« Au rucher » 2016-07

Par Michel Smet

La miellée de printemps étant terminée, il nous faut à présent penser à celle d’été qui devrait battre son plein et emplir les hausses des ruches. Les cadres essorés en mai seront triés: ceux qui contiennent du pollen seront replacés sur les peuples, et les autres, stockés dans l’armoire destinée à les recevoir. Ils serviront au plus tard l’année prochaine, et si la miellée d’été de cette année les réclame, ils seront également rendus aux colonies afin qu’elles puissent y entreposer le miel d’été. En opérant de la sorte, je ne conserve que des cadres de hausses exempts de pollen, qui, sans aucun produit, passe la période hivernale sans aucun problème. Comme déjà expliqué, je ne fais pas lécher mes cadres après les avoir extraits. Ils sont stockés encore « poisseux » dans l’armoire. Pourquoi? Le léchage des cadres demande leur retour dans les ruches, et, en cette période de l’année, nous savons tous que la moindre trace de miel, voir la simple odeur de ce dernier, engendre un départ de pillage abominable au sein de colonies.
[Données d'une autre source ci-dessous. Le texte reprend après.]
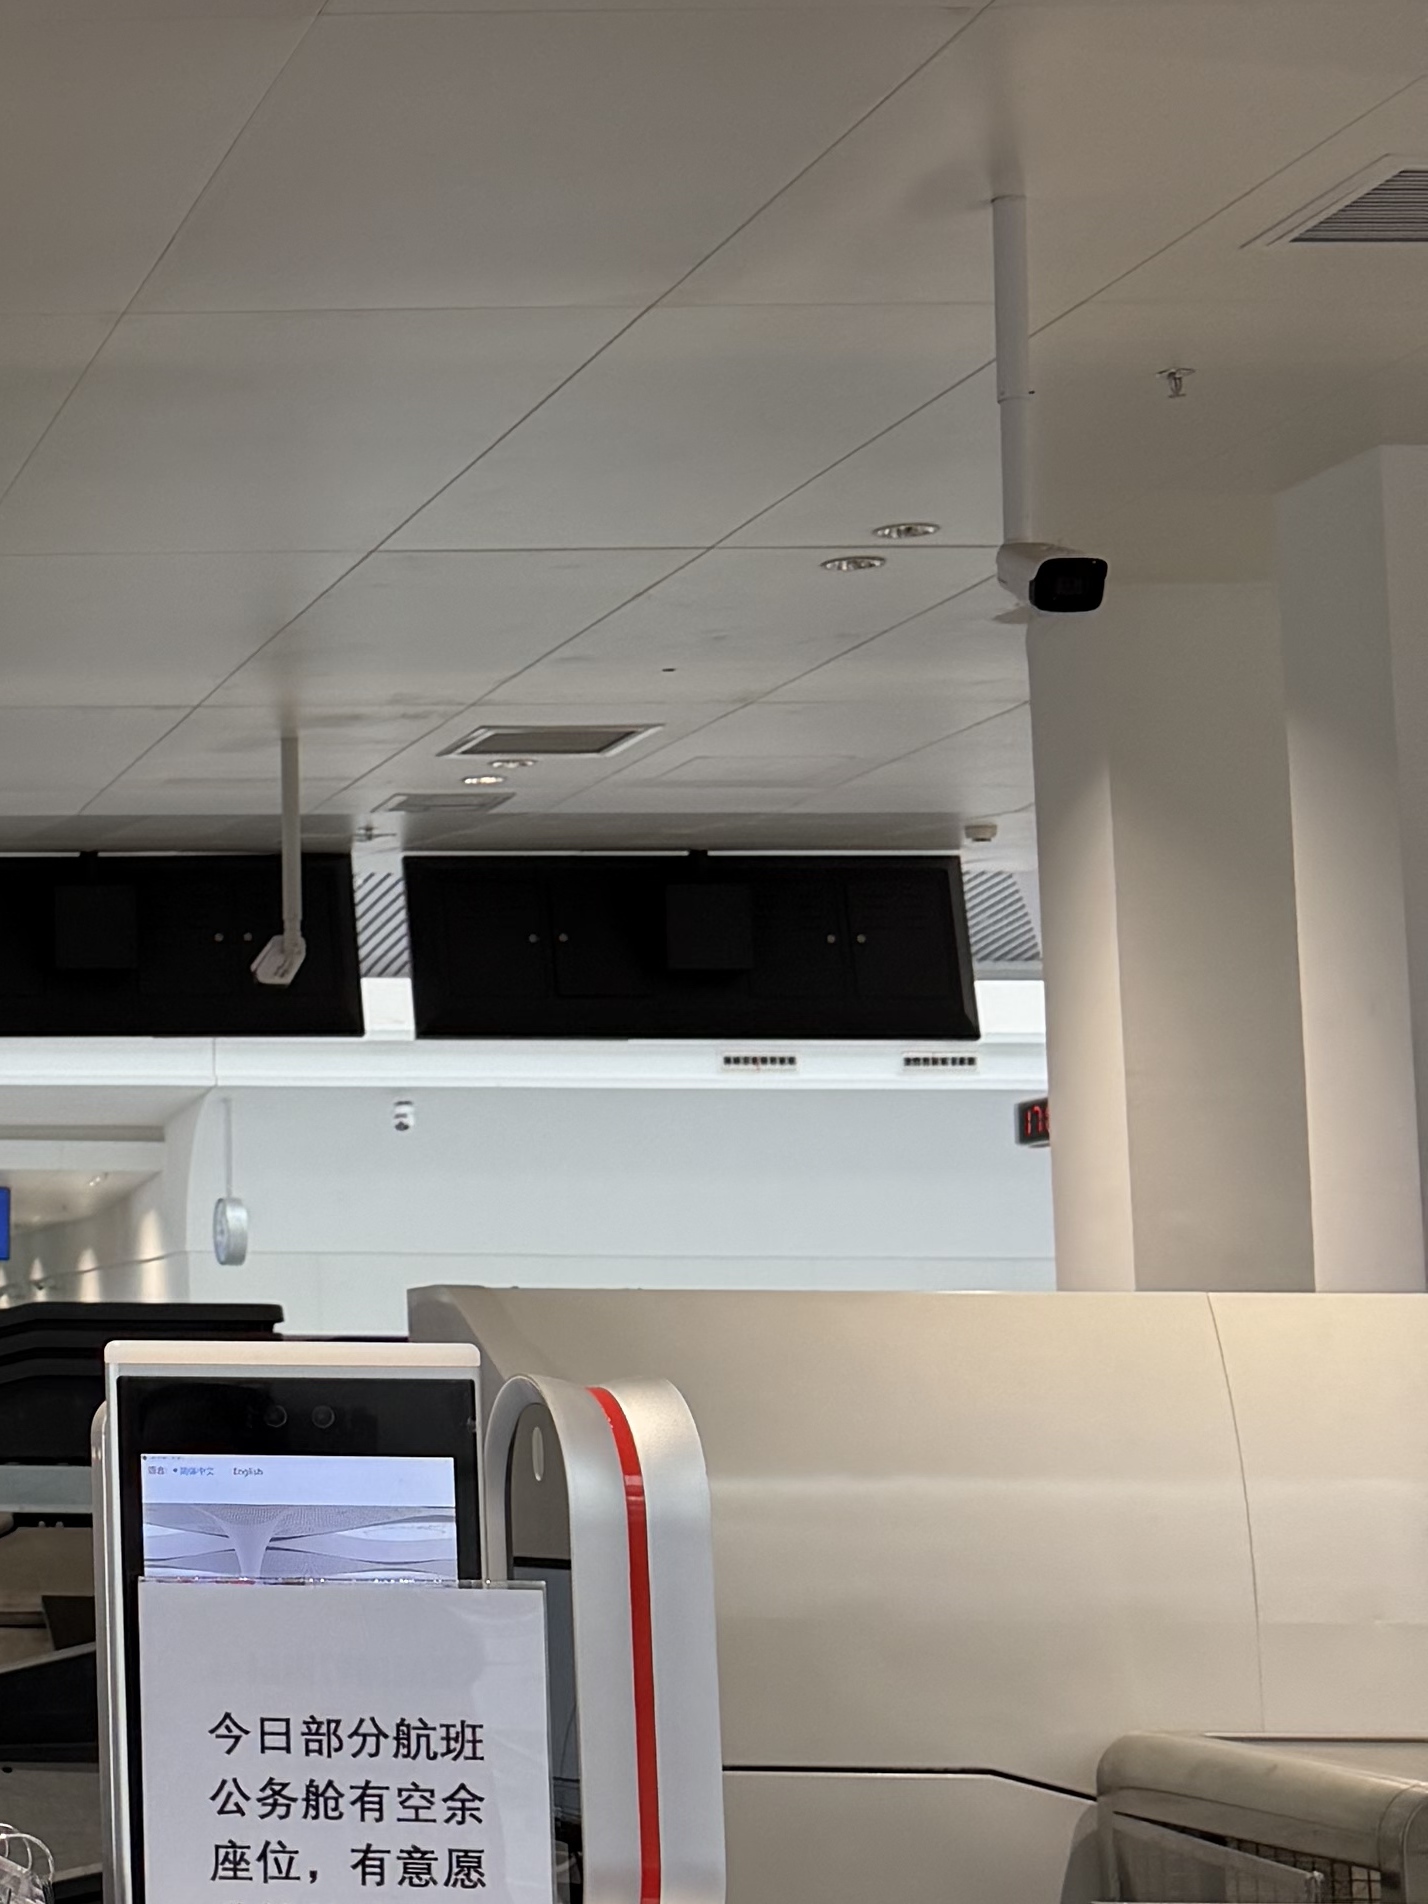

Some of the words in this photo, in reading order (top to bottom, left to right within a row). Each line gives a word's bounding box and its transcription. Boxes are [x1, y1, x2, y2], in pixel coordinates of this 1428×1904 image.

[208, 1710, 486, 1762] 今日部分航班
[209, 1776, 486, 1827] 公务舱有空余
[210, 1839, 487, 1890] 座位，有意愿
L’expérience me confirme que c’est quasiment impossible d’éviter ce phénomène. En effet, la miellée tarit, voire est inexistante à ce moment de la saison. Or, nous venons de « voler » la récolte à nos avettes et elles ont l’art de s’en souvenir. C’est donc pour éviter tous ces problèmes que je conserve, depuis de nombreuses années maintenant, mes cadres sans les faire lécher. Dès la pose des hausses le printemps suivant, les abeilles ont tôt fait de nettoyer tout cela.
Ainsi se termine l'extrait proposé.